*** LISTED RECORDS Section Begins ***
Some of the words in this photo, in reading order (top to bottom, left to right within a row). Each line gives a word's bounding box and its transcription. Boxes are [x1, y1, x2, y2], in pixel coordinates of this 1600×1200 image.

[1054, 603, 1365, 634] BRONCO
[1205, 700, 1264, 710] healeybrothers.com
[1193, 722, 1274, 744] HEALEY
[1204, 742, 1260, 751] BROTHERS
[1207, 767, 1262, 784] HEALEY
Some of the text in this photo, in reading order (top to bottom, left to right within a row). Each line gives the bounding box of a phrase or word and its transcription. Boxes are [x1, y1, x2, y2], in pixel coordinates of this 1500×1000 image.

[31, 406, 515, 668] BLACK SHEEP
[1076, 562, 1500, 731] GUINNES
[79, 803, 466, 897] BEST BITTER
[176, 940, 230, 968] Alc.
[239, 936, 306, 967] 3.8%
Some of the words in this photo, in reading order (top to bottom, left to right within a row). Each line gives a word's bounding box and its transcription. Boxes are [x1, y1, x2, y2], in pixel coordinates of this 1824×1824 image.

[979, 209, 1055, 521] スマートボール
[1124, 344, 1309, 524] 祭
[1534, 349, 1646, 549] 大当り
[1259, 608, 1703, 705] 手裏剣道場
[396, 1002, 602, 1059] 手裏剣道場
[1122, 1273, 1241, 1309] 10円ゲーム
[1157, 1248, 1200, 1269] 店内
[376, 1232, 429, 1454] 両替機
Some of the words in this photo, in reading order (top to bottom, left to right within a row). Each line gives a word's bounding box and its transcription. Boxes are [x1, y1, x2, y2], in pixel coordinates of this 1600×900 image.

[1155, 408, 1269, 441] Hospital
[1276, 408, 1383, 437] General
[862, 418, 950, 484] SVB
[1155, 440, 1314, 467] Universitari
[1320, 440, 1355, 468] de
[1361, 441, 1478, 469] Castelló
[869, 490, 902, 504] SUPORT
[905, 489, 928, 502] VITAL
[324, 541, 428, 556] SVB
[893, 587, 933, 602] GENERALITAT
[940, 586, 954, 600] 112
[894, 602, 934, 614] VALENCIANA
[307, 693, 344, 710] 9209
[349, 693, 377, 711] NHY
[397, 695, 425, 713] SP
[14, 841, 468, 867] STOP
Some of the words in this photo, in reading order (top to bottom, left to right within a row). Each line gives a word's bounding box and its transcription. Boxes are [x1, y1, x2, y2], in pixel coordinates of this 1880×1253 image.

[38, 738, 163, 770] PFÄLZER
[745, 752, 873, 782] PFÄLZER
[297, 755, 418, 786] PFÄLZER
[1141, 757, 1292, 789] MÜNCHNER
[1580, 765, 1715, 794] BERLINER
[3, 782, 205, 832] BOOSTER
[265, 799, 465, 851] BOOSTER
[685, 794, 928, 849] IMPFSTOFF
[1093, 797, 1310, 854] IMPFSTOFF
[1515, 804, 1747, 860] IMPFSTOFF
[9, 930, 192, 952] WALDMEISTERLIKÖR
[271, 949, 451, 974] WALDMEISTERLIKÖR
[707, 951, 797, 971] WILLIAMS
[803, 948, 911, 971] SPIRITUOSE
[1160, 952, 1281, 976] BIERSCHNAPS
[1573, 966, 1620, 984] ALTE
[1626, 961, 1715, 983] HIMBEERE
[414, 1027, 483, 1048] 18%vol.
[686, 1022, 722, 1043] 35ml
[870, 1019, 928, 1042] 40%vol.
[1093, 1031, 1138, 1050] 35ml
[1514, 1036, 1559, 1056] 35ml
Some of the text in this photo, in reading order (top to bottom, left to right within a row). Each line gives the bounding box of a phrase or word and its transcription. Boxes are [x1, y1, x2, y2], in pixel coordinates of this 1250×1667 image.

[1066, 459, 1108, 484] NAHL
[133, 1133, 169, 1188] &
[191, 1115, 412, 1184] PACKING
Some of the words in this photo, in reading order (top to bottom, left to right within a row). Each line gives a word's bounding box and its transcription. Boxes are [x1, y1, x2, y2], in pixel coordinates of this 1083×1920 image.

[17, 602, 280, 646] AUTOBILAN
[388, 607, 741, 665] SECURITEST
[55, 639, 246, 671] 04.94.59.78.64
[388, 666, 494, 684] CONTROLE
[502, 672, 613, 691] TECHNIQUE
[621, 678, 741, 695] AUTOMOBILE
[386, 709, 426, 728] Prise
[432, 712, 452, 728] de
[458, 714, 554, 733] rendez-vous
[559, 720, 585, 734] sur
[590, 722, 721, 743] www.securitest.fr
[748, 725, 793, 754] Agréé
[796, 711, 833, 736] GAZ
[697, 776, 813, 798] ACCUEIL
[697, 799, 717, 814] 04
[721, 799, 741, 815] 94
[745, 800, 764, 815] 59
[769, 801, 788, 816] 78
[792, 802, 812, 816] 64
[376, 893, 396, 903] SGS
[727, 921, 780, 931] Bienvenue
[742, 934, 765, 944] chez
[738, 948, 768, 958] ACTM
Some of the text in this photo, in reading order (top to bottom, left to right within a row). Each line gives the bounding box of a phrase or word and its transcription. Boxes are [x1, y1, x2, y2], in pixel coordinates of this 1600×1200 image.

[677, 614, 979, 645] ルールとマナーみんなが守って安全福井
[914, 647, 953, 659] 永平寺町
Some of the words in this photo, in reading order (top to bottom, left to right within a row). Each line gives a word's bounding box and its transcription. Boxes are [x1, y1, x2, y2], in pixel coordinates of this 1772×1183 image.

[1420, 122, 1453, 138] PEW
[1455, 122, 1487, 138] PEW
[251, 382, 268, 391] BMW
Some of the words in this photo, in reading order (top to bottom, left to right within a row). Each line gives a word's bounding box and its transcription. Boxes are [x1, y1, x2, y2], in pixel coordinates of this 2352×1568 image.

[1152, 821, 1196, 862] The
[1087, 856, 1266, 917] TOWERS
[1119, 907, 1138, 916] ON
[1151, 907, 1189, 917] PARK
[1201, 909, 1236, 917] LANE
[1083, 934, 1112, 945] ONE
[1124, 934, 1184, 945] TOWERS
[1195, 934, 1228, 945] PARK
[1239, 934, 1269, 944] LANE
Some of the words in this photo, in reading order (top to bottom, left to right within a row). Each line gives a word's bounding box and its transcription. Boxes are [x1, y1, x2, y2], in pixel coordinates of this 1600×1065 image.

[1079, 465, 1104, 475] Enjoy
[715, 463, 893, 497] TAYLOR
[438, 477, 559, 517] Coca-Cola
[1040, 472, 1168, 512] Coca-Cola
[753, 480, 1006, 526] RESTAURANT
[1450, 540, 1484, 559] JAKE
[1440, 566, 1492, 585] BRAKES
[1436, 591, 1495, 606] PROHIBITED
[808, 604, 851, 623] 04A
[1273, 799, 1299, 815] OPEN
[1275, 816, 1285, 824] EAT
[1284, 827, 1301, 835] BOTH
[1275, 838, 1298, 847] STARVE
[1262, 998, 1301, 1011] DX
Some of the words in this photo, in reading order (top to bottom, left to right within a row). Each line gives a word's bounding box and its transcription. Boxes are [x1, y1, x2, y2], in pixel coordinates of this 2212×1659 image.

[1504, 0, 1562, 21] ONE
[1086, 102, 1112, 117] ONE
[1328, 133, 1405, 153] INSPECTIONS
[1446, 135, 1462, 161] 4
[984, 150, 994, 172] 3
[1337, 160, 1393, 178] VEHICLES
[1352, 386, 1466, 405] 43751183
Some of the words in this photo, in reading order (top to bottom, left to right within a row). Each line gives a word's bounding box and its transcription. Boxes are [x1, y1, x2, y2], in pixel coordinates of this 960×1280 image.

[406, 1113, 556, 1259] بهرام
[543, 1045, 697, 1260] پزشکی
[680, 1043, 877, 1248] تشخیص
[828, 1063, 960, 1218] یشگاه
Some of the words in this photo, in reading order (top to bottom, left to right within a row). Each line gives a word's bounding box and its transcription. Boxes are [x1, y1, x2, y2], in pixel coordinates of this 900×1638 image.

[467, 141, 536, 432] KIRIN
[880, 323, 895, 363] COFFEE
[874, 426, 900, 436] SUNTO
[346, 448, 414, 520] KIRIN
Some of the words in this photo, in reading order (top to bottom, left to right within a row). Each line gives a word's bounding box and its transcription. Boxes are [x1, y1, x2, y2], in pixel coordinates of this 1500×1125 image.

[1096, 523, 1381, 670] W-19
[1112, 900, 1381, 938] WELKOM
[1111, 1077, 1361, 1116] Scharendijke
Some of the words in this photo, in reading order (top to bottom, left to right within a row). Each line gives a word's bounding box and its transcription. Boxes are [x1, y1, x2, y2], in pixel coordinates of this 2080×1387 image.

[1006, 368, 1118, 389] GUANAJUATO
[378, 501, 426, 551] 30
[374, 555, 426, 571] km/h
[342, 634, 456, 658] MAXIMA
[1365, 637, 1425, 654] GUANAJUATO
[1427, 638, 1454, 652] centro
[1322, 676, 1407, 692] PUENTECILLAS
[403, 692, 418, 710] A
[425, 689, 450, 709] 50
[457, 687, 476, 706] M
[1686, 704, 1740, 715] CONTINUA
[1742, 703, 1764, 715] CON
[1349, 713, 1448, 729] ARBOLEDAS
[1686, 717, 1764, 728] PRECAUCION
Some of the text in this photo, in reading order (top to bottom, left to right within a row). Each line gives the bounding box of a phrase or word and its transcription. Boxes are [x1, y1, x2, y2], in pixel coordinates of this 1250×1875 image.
*** LISTED RECORDS Section Ends ***
TASK GOAL
Send back exactly the lines from the line with "this 1500×1125 image." through the end of the records.

ANSWER SPACE
Some of the words in this photo, in reading order (top to bottom, left to right within a row). Each line gives a word's bounding box and its transcription. Boxes are [x1, y1, x2, y2], in pixel coordinates of this 1500×1125 image.

[1096, 523, 1381, 670] W-19
[1112, 900, 1381, 938] WELKOM
[1111, 1077, 1361, 1116] Scharendijke
Some of the words in this photo, in reading order (top to bottom, left to right within a row). Each line gives a word's bounding box and its transcription. Boxes are [x1, y1, x2, y2], in pixel coordinates of this 2080×1387 image.

[1006, 368, 1118, 389] GUANAJUATO
[378, 501, 426, 551] 30
[374, 555, 426, 571] km/h
[342, 634, 456, 658] MAXIMA
[1365, 637, 1425, 654] GUANAJUATO
[1427, 638, 1454, 652] centro
[1322, 676, 1407, 692] PUENTECILLAS
[403, 692, 418, 710] A
[425, 689, 450, 709] 50
[457, 687, 476, 706] M
[1686, 704, 1740, 715] CONTINUA
[1742, 703, 1764, 715] CON
[1349, 713, 1448, 729] ARBOLEDAS
[1686, 717, 1764, 728] PRECAUCION
Some of the text in this photo, in reading order (top to bottom, left to right within a row). Each line gives the bounding box of a phrase or word and its transcription. Boxes are [x1, y1, x2, y2], in pixel coordinates of this 1250×1875 image.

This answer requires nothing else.